> _Given records_:
********************

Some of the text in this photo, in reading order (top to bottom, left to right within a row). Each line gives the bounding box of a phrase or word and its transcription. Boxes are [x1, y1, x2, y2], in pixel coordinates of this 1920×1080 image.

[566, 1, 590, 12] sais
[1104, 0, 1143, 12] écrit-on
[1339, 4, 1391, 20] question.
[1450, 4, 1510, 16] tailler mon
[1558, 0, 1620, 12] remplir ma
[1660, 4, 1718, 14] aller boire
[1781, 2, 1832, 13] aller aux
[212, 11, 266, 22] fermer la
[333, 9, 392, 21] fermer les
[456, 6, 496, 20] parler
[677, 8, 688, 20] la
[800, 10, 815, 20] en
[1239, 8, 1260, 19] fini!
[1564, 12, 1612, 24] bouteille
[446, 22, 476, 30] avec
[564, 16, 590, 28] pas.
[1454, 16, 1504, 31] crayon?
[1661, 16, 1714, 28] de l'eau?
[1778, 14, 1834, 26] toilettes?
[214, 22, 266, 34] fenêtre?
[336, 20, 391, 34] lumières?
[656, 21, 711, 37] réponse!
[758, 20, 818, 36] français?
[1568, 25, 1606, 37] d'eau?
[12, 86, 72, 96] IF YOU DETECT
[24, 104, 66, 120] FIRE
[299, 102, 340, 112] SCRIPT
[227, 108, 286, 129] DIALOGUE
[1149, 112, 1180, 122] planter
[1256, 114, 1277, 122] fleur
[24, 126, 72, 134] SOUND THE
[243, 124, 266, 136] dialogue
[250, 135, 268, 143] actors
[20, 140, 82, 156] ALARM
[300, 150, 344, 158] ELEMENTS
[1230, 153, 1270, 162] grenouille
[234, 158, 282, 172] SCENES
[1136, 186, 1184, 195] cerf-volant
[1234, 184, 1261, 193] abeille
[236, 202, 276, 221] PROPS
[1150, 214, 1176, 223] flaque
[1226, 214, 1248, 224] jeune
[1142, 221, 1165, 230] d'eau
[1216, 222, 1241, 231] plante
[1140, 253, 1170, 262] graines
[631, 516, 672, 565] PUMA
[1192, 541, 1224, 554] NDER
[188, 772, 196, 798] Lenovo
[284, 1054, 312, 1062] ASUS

********************

> _Work request_: Sift the material for lines with the string "fermer". Copy each one found.

> _Expected answer_:
[212, 11, 266, 22] fermer la
[333, 9, 392, 21] fermer les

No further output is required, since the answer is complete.